Capítulo XXV

Nos hallamos así perdidos en el inmenso y desolado océano Antártico, a más de 84° de latitud, embarcados en una frágil canoa y sin más provisión que tres tortugas. Sabíamos de sobra que el largo invierno polar no podía tardar, y era necesario que adoptáramos alguna decisión. Había seis o siete islas a la vista, todas pertenecientes al mismo archipiélago y distantes cinco o seis millas unas de otras; pero es de imaginar que no teníamos la menor intención de acercarnos a ellas. Al avanzar hacia el sur con la Jane Guy habíamos ido dejando gradualmente atrás las regiones más abundantes en hielos; y aunque este hecho no se hallaba de acuerdo con las nociones generales existentes al respecto, la experiencia no nos permitía ponerlo en duda. Por lo tanto, tratar de subir hacia el norte era una locura, especialmente en un período tan avanzado de la estación. Sólo un camino parecía ofrecernos alguna esperanza. Decidimos rumbear decididamente hacia el sur, donde quizá hubiera una probabilidad de descubrir nuevas tierras y acaso encontráramos un clima todavía más moderado

Hasta aquel momento habíamos notado que el Antártico, al igual que el Artico, no estaba sujeto a violentos temporales ni tenía un oleaje excesivamente bravo; pero de todos modos nuestra canoa era fragilísima, a pesar de su gran tamaño, y nos pusimos de inmediato a la tarea de reforzarla con los reducidos medios a nuestra disposición. La embarcación había sido construida con la corteza de un árbol desconocido y tenía cuadernas de sólido mimbre, muy bien adaptado a su finalidad. El largo total de la canoa era de unos cincuenta pies, su ancho de cuatro a seis y la profundidad de cuatro y medio; la forma y el aspecto diferían grandemente de los de las canoas que emplean las poblaciones conocidas de los océanos australes. Ni por un momento pensamos que fuera obra de los ignorantes isleños que las utilizaban, y algunos días más tarde, al interrogar a nuestro cautivo, supimos que habían sido construidas por los nativos de una región situada al sudeste de la isla donde las encontramos, y que habían caído accidentalmente en manos de aquellos bárbaros.

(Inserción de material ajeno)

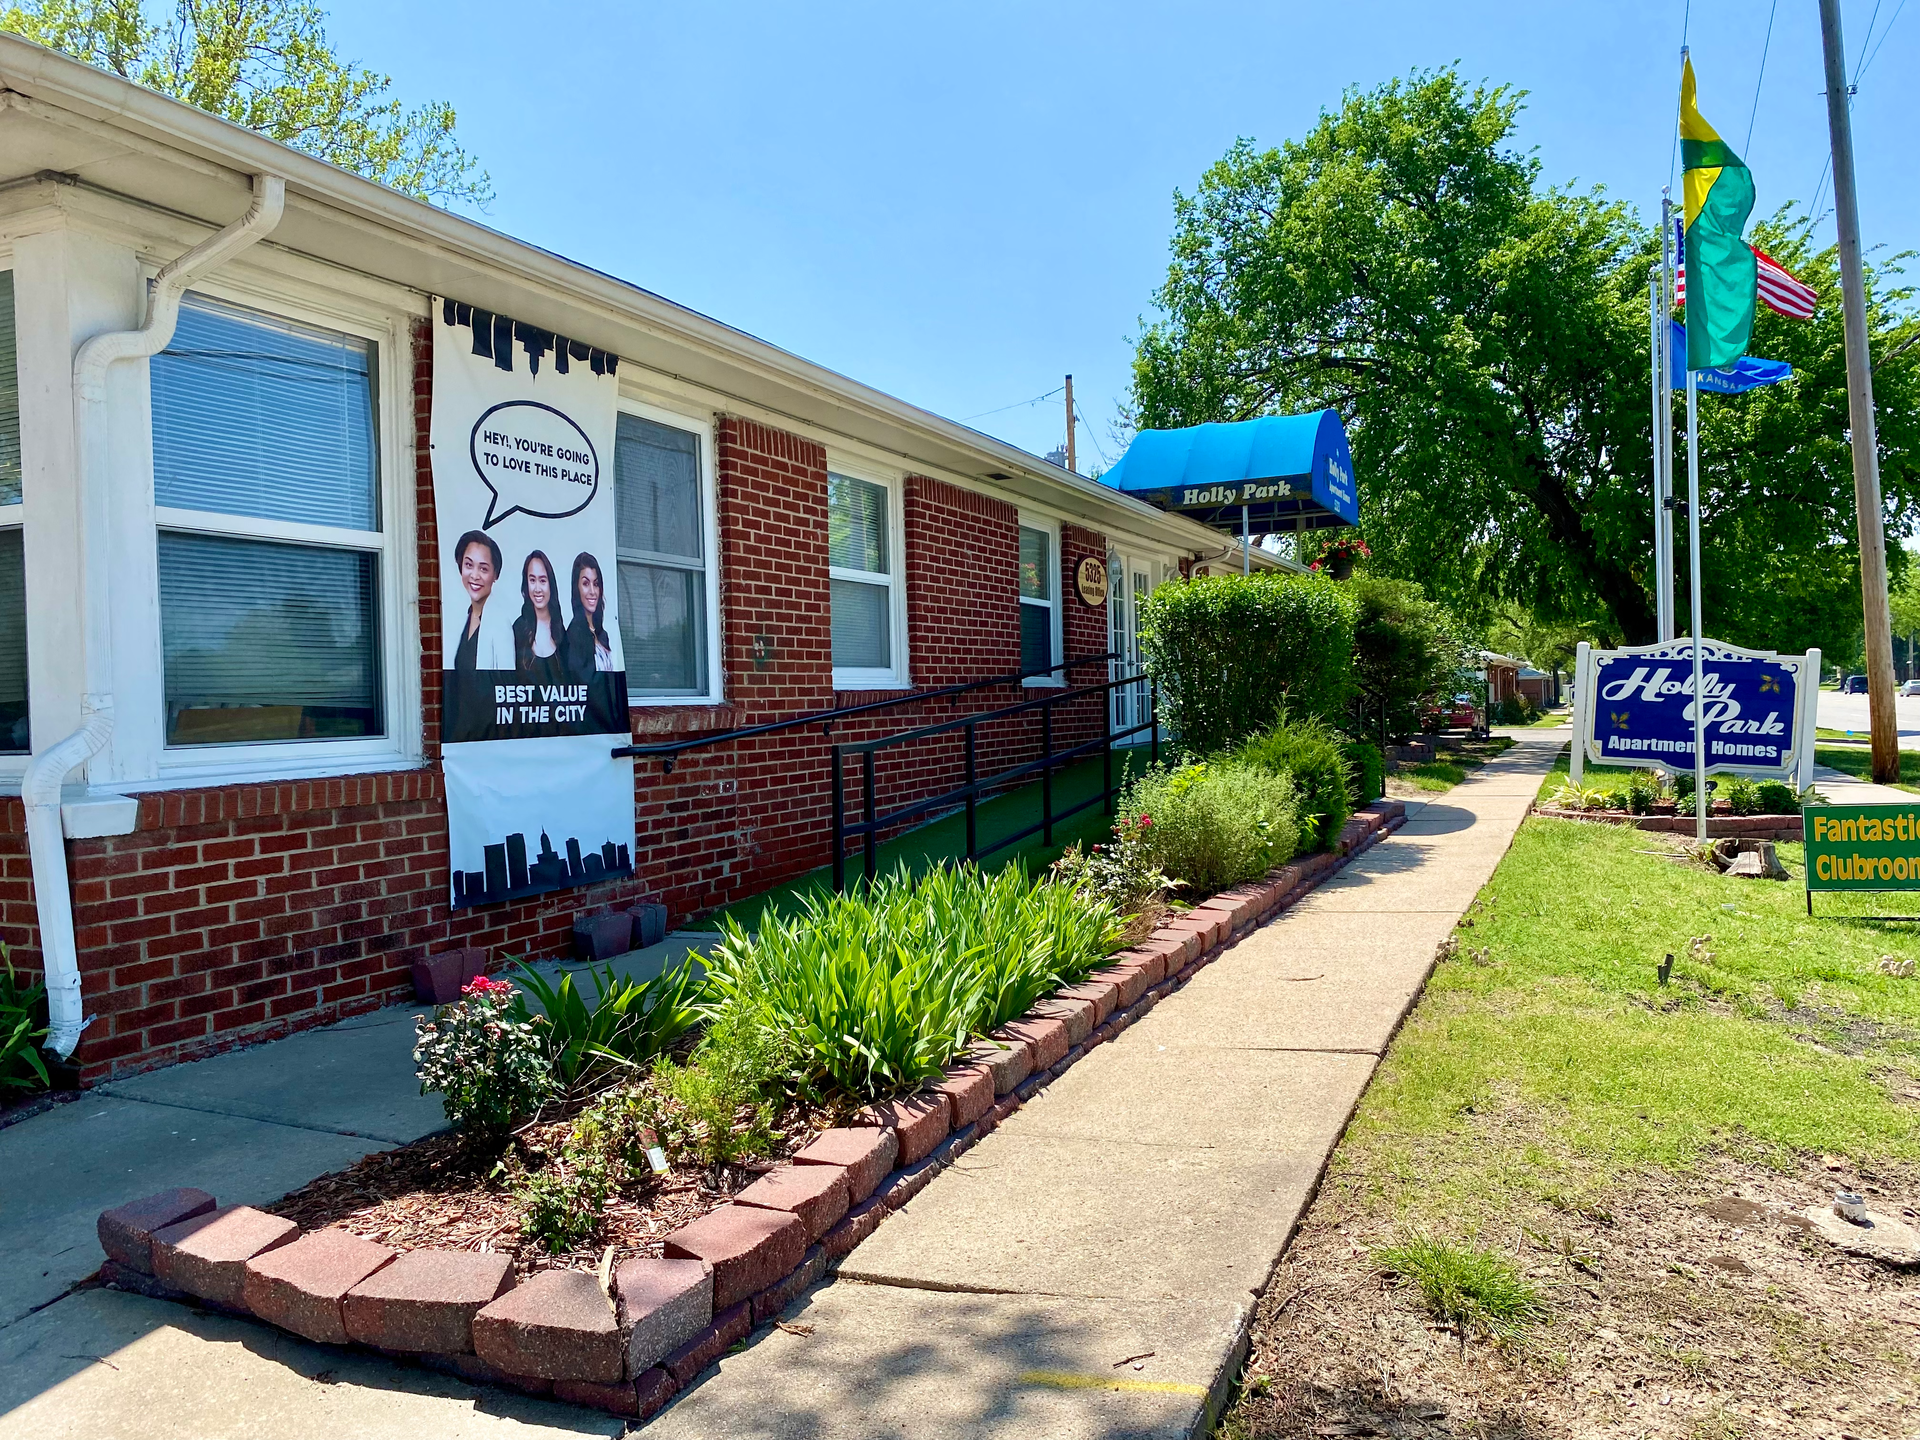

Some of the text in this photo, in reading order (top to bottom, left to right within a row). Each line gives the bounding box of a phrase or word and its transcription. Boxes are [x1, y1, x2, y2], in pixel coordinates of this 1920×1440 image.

[483, 430, 590, 466] HEY!, YOU'RE GOING
[483, 451, 593, 486] TO LOVE THIS PLACE
[1183, 480, 1291, 506] Holly Park
[1085, 561, 1102, 584] 5325
[494, 684, 588, 703] BEST VALUE
[1601, 667, 1737, 702] Holly
[496, 704, 587, 725] IN THE CITY
[1681, 697, 1785, 736] Park
[1608, 735, 1778, 758] Apartmen Homes

Poco podíamos hacer para dar mayor seguridad a nuestra embarcación. Descubrimos varias grietas a proa y a popa, que calafateamos con pedazos de lana procedentes de una chaqueta. Usando los remos sobrantes, de los que había gran cantidad, erigimos a proa una especie de armazón para mitigar la fuerza de las olas que pudieran amenazarnos por ese lado. Pusimos asimismo dos remos a modo de mástiles, asegurando uno a cada borda, con lo cual evitamos la necesidad de una verga. Atamos a los mástiles una vela fabricada con nuestras camisas, lo cual nos dio mucho trabajo, puesto que no podíamos contar con la ayuda de nuestro prisionero. La vista del lienzo blanco parecía afectarlo de extraña manera. Jamás conseguimos que se acercara o lo tocara, pues temblaba si queríamos obligarlo, y gritaba: «¡Tekeli-li!».

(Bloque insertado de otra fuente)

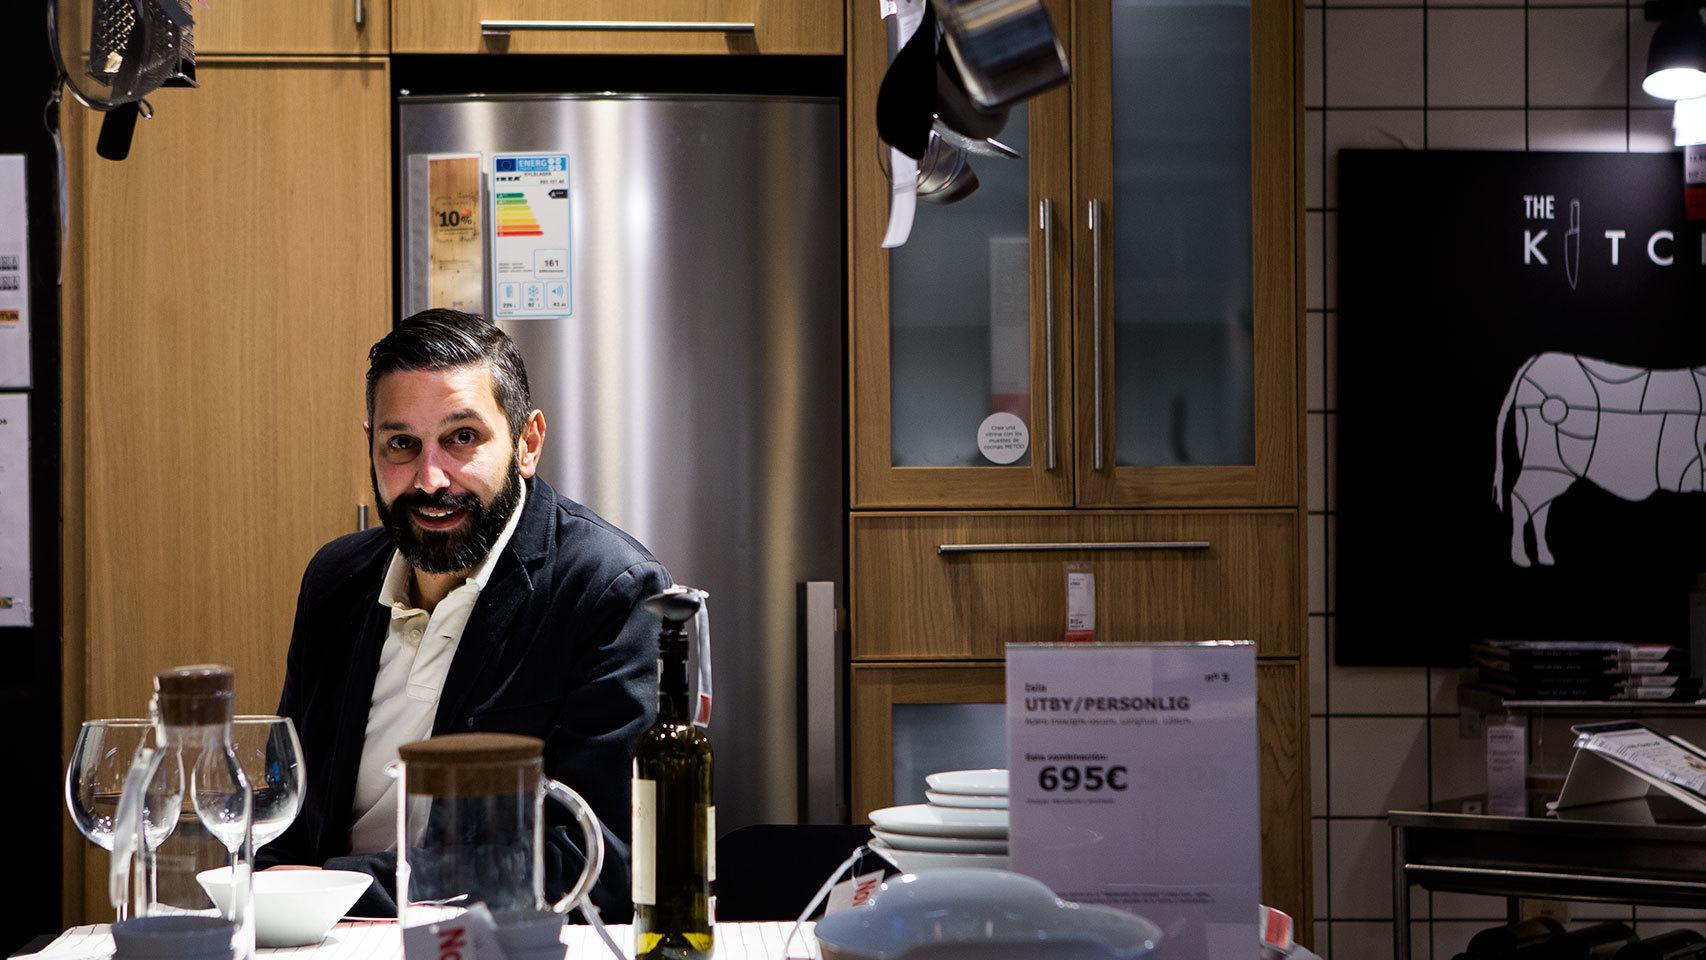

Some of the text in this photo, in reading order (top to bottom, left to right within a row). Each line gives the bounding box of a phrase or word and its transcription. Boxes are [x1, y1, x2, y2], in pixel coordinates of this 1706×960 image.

[519, 159, 547, 167] ENERG
[1523, 195, 1555, 219] THE
[439, 210, 472, 227] 10%
[1025, 697, 1191, 713] UTBY/PERSONLIG
[1038, 765, 1129, 792] 695€

Completadas así las disposiciones concernientes a la seguridad de la canoa, pusimos proa hacia el sudoeste, con intención de dejar atrás la más austral de las islas. Hecho esto, rumbeamos decididamente hacia el sur. El tiempo podía considerarse como muy agradable. Soplaba un suave y continuo viento del norte, el mar estaba sereno y jamás era de noche. No se veía la menor partícula de hielo; jamás vi la menor señal de hielo desde que pasamos el paralelo correspondiente a la isla de Bennet. Y la temperatura del agua era demasiado elevada para permitir la existencia del hielo.

Después de matar la más grande de nuestras tortugas, que no sólo nos proporcionó carne, sino gran cantidad de agua, seguimos navegando siete u ocho días sin el menor incidente, período en el cual debimos avanzar mucho hacia el sur, puesto que teníamos continuamente viento de popa y una fortísima corriente se desplazaba en la dirección que seguíamos.

1 de marzo[10] —Varios fenómenos insólitos indicaron que estábamos llegando a una región tan nueva como asombrosa. Una alta barrera de vapor de un gris claro aparecía constantemente en el horizonte austral, y a veces fulguraban en ella enormes listas que corrían de este a oeste, o de oeste a este, hasta volver a presentar la misma altura uniforme, mostrando, en suma, todas las extrañas variaciones de la aurora boreal. La altura aproximada de estos vapores, según podíamos calcular desde donde estábamos, era de unos 25°. La temperatura del mar parecía ir creciendo progresivamente, y se notaba una perceptible alteración en su color.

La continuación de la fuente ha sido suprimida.